In the HBO series Enlightened, Laura Dern plays Amy Jellicoe, a former corporate executive who has a nervous breakdown. After returning from a health retreat in Hawaii to her employer, Abbadonn, a household product manufacturer, she discovers that she’s been reassigned. Formerly a buyer of health-and-beauty aids, Jellicoe now works in the bowels of the building as a data processor. Eventually she learns that she and her colleagues are working on a project called Cogentiva, an employee tracking system that allows Abbadonn to rank employees on productivity, as well as manipulate their work records in order to reduce overtime pay so the executives can double-dip bonuses. As one of Jellicoe’s colleagues says, the factory workers don’t realize that they are on an “electronic leash”, with every movement monitored and ranked.
Eerie. Far-fetched. It’s fiction, right?
Not to employees at Bank of America Corp. To discover how to goose productivity among their call centre staff, sensors were placed on badges and office furniture to record their movements and conversations. One discovery was that tight-knit teams were more productive so the company implemented group breaks, as well as larger tables in the cafeteria (good luck with that introverts!).
Big data has hit the big time.
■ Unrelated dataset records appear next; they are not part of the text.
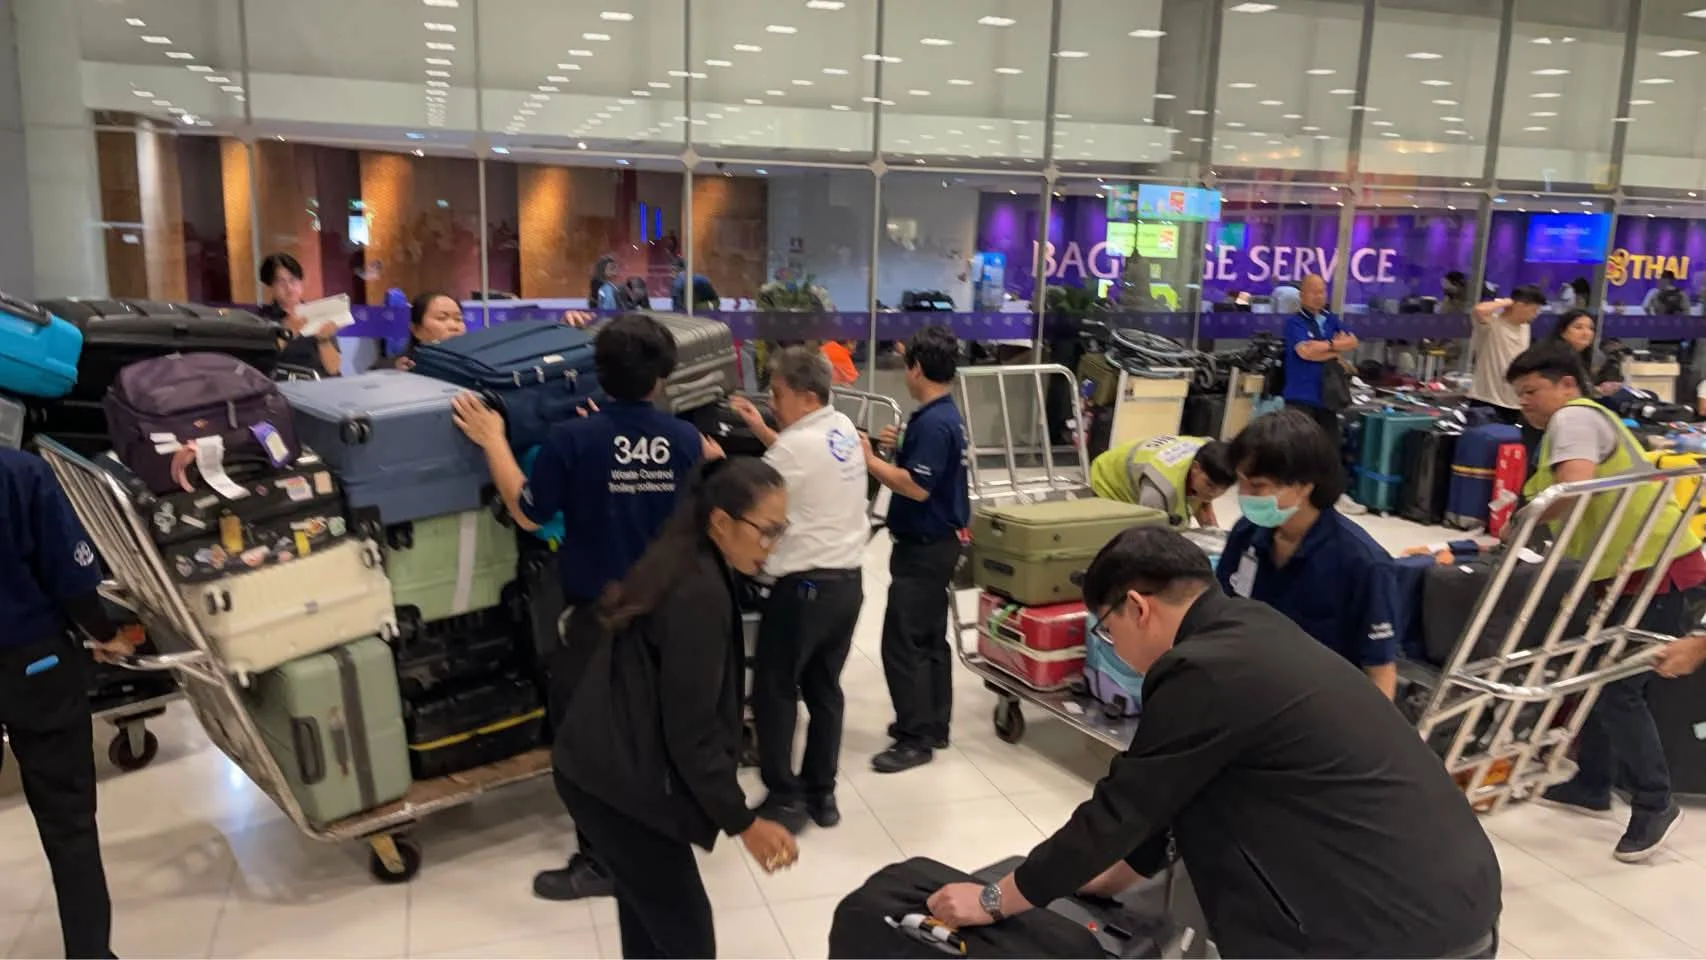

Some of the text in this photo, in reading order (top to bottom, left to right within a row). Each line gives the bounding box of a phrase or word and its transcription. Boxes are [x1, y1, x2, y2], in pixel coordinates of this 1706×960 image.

[1031, 240, 1238, 281] BAGE
[1247, 245, 1397, 283] SERVCE
[1629, 255, 1690, 280] THAI
[613, 435, 671, 465] 346
[639, 468, 674, 480] Control
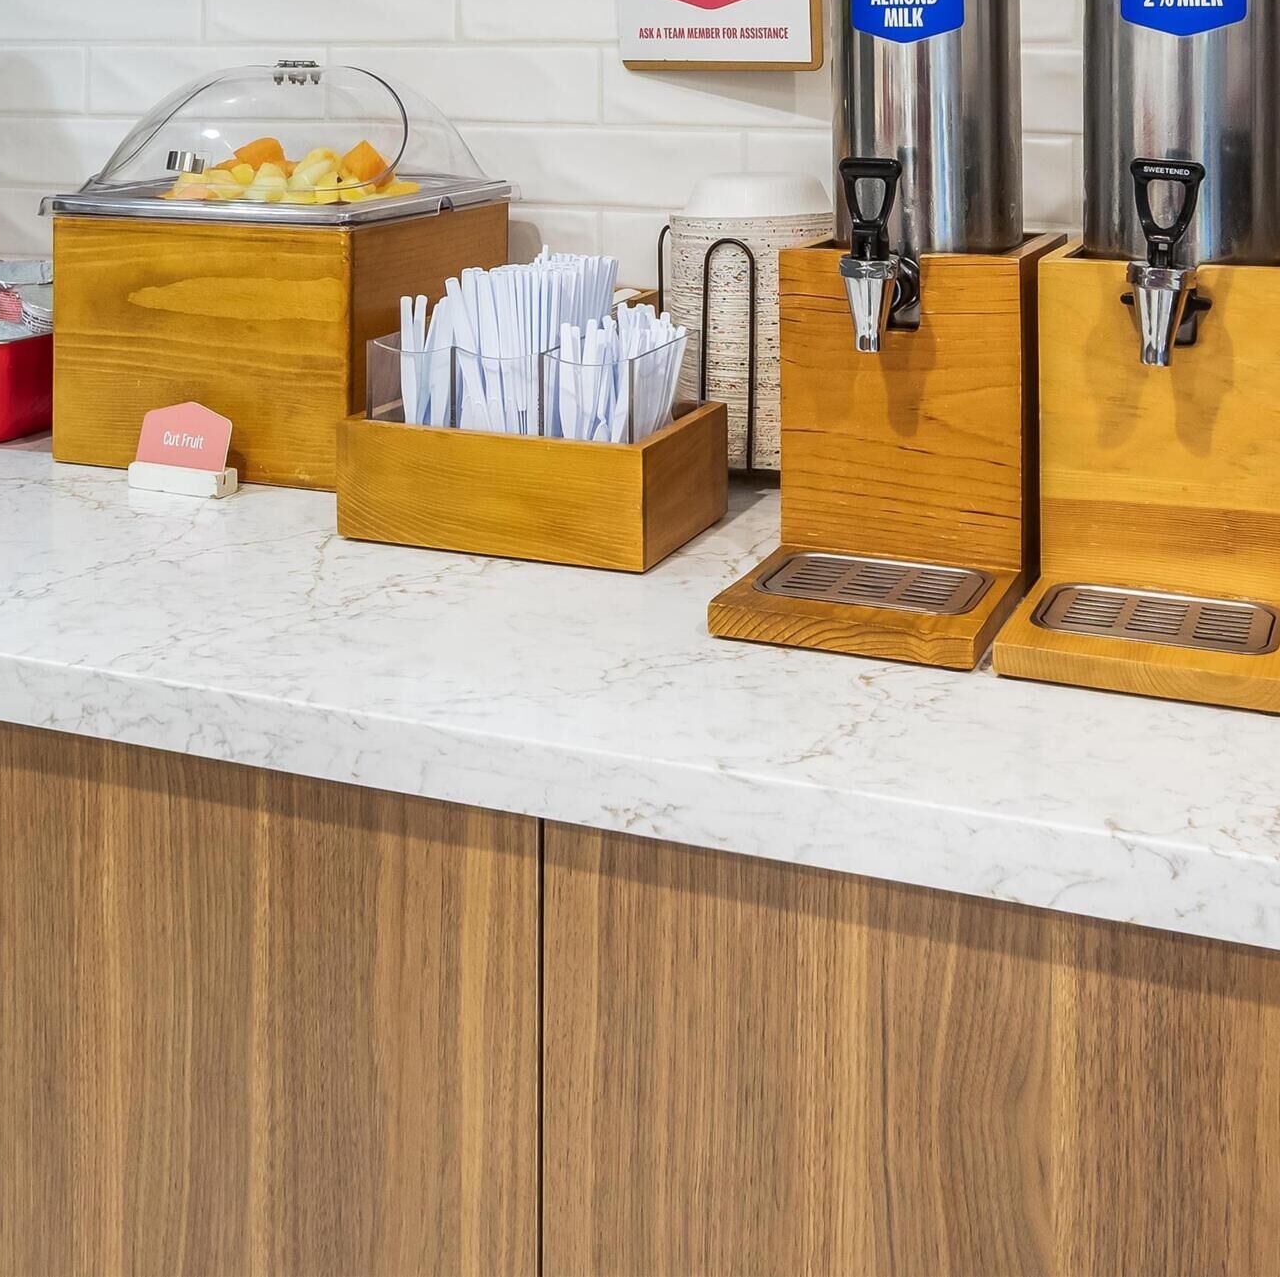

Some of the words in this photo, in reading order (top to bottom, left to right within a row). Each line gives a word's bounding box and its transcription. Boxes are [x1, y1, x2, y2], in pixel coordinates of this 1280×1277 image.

Yet, most of us are unaware how prevalent these electronic leashes are in our lives. Last year, an exposé on Target in The New York Times showed that the company uses powerful algorithms to know whether you or someone in your household is undergoing a life changing event, such as marriage or the birth of a child. In the story, an irate father demands to see the manager of his local Target after his high-school-age daughter received coupons for baby clothes and cribs. “Are you trying to encourage her to get pregnant?” he demanded. A few days later, the store manager called the man again to apologize, at which point the father told him, “I had a talk with my daughter…she’s due in August.”
Companies sell information about you to third-parties all the time. Mostly this information is purchased, aggregated and sifted to discover how best to sell you stuff, both on- and offline. New programs will send you ads based on your previous searches across platforms. It’s called Real-Time Bidding or RTB. The ad you saw on Google when you were surfing the Web at work, will pop up again on your phone and your tablet, following you like a stray dog. For some people, their every task, email, calendar appointment or movie and TV show favourites will be tracked by Google if they buy one of the company’s recently launched Chromebook computers. They’re cheap, fast and they can accomplish most of the tasks you need on a daily basis, so long as you don’t mind being tied to Google’s products for the whole experience.
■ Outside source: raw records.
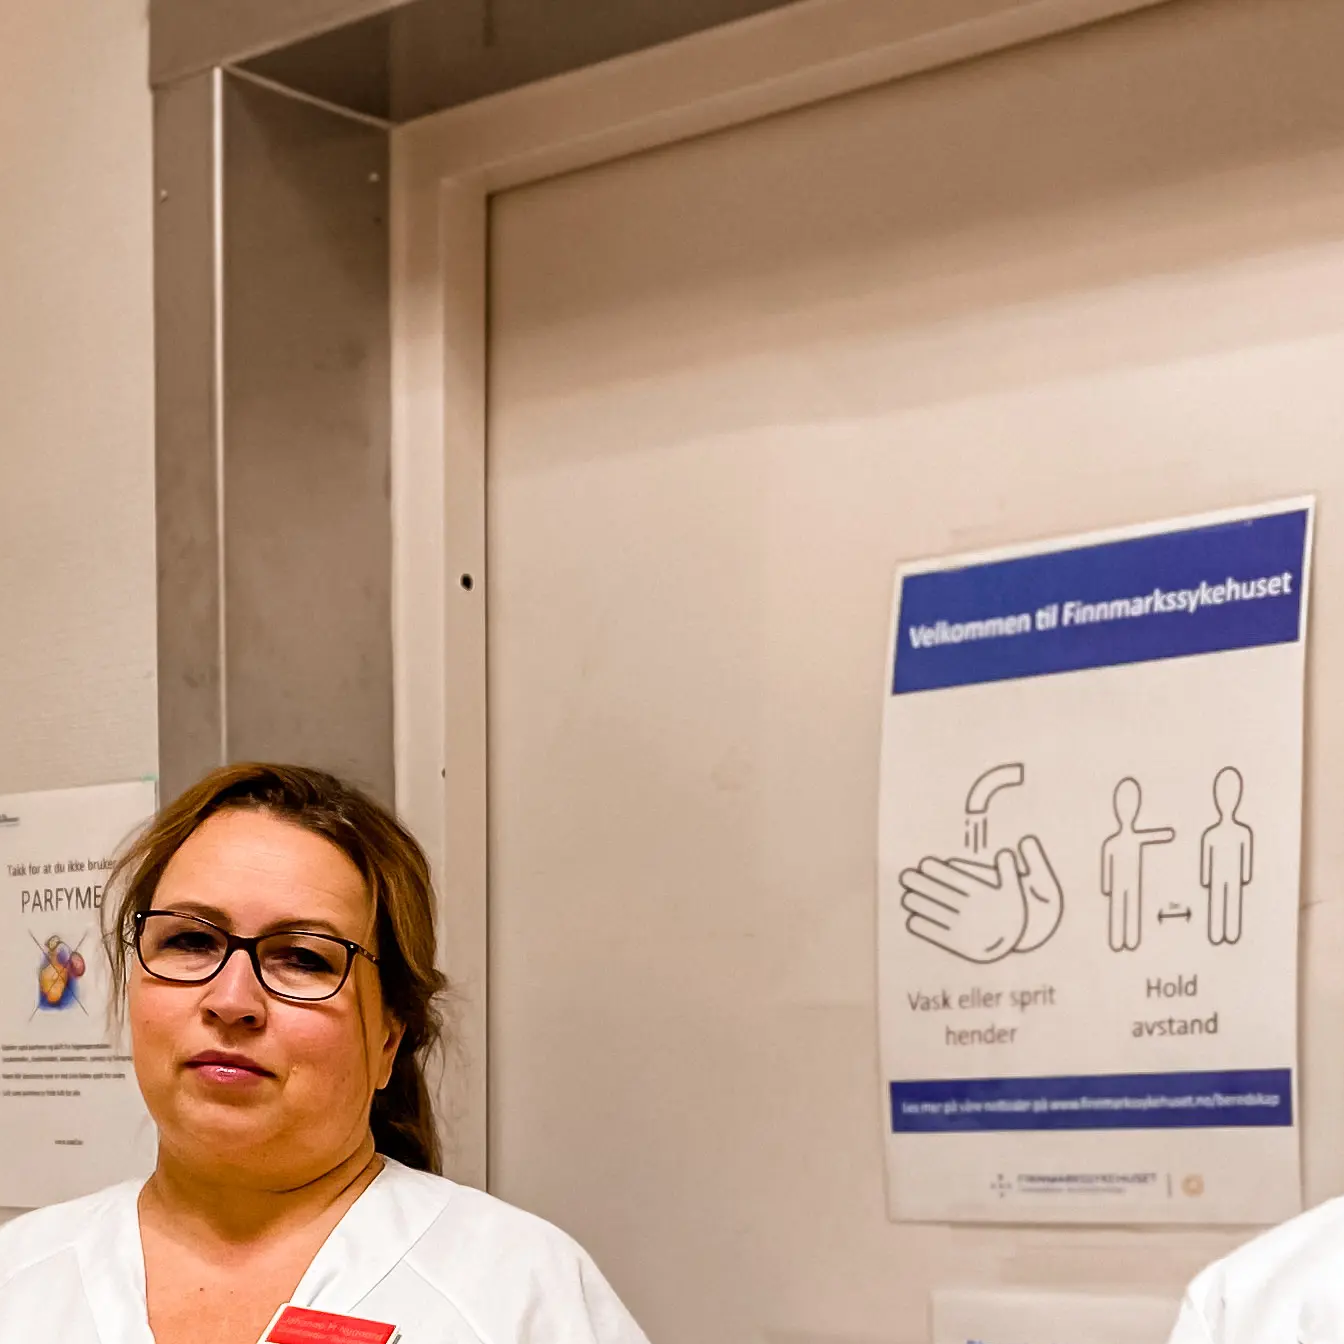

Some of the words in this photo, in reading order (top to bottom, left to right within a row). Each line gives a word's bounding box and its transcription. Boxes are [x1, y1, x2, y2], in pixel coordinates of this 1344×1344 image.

[908, 613, 1032, 649] Velkommen
[1034, 603, 1059, 631] til
[1061, 570, 1293, 627] Finnmarkssykehuset
[7, 864, 27, 877] Takk
[28, 863, 41, 876] for
[43, 863, 52, 875] at
[54, 862, 66, 874] du
[67, 860, 85, 873] ikke
[21, 885, 102, 913] PARFYME
[907, 990, 952, 1012] Vask
[957, 987, 1003, 1010] eller
[1009, 985, 1056, 1013] sprit
[1146, 974, 1198, 998] Hold
[945, 1024, 1017, 1046] hender
[1131, 1010, 1219, 1038] avstand
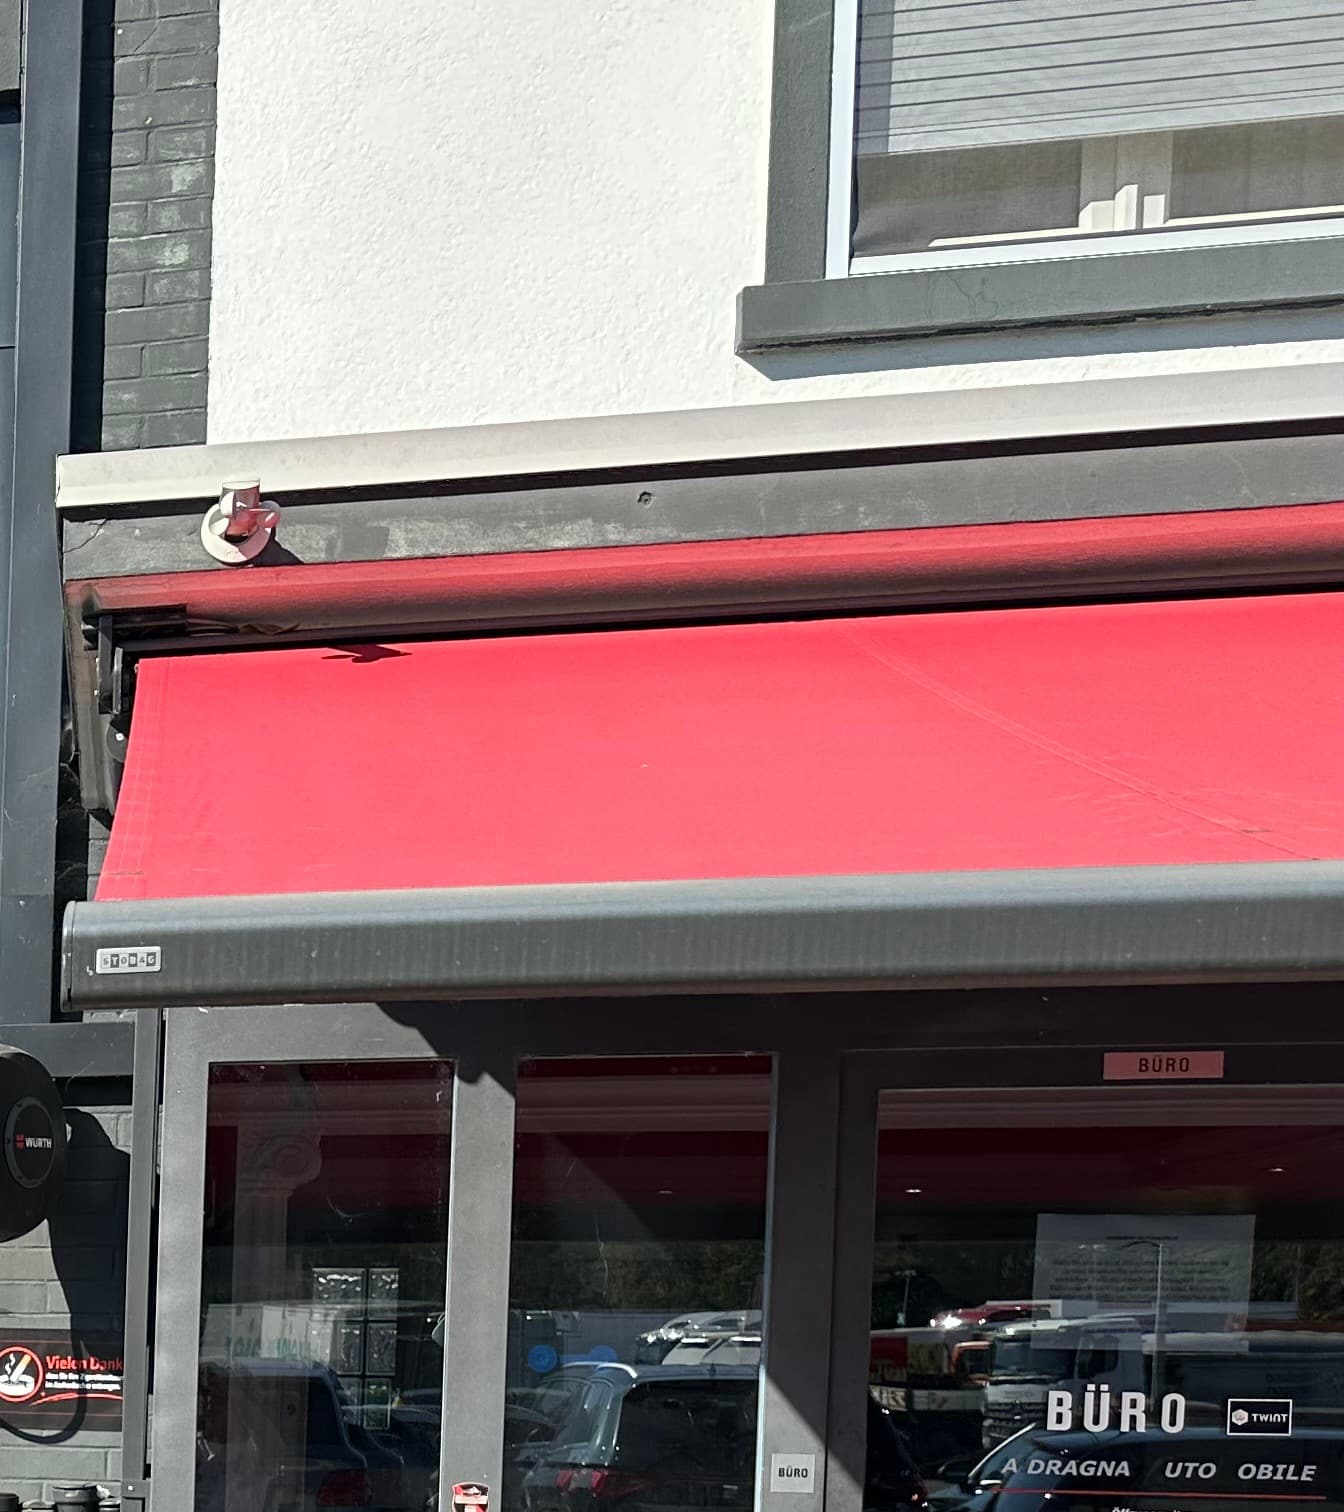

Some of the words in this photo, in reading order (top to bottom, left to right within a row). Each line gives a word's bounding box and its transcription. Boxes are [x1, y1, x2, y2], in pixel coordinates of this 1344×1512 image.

[1138, 1055, 1190, 1073] BÜRO
[1046, 1383, 1186, 1434] BÜRO
[1251, 1413, 1288, 1424] TWINT
[778, 1465, 808, 1478] BÜRO
[1164, 1461, 1217, 1479] UTO
[1237, 1463, 1317, 1481] OBILE
But it’s not all about selling. Algorithmic criminology is predictive policing. By crunching the data of past crime patterns, police forces can predict the likelihood of someone living in a certain area, being a felon. Based on searches of health topics, Google can predict flu vectors faster than the Centre for Disease Control. Google stores all its searches, so they also know whether you are concerned about head lice, diabetes or ‘hearing voices.’ That kind of information is valuable to a lot of folks like insurance companies, potential employers and Big Pharma.
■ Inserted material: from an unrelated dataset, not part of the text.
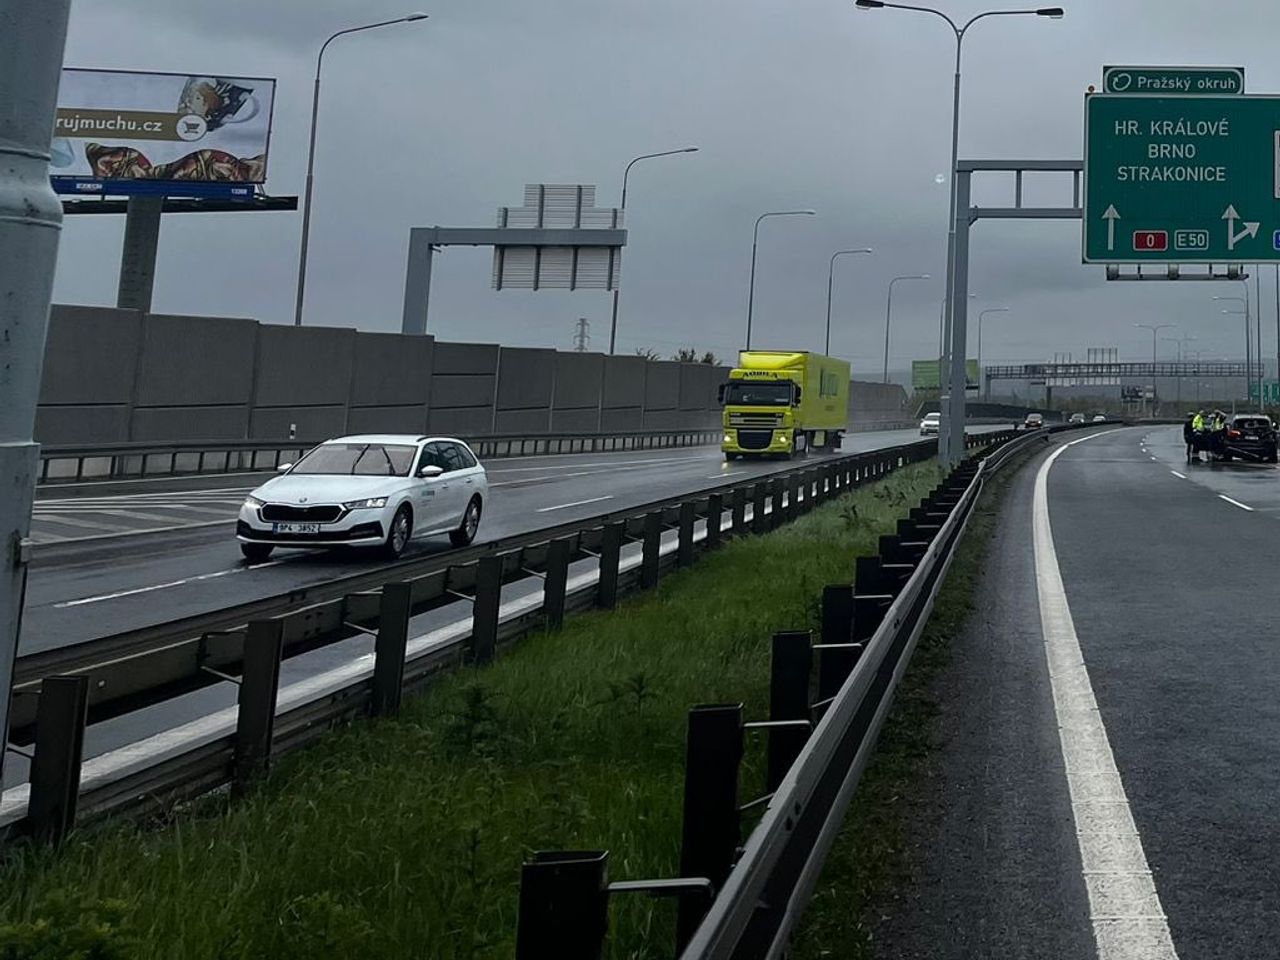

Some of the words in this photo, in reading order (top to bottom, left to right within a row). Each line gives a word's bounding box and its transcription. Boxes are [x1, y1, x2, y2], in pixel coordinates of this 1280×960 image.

Think you’ll only be tracked if you’re a member of Facebook or are signed-in to a Google product? Think again. Facebook recently acknowledged – after several previous denials – that they not only track their members’ activity on the web but also any other web user who has visited Facebook’s site in the last 90 days.
The big question about Big Data is who’s watching the watchers? Governments, who are no slouches in the snooping department themselves, are coming late to the game in terms of regulation. But industry watchers say it is inevitable that tighter controls are in the pipeline.
In the meantime, if Target sends someone in your household coupons for diapers and unscented body lotion, it’s time for a family sit-down.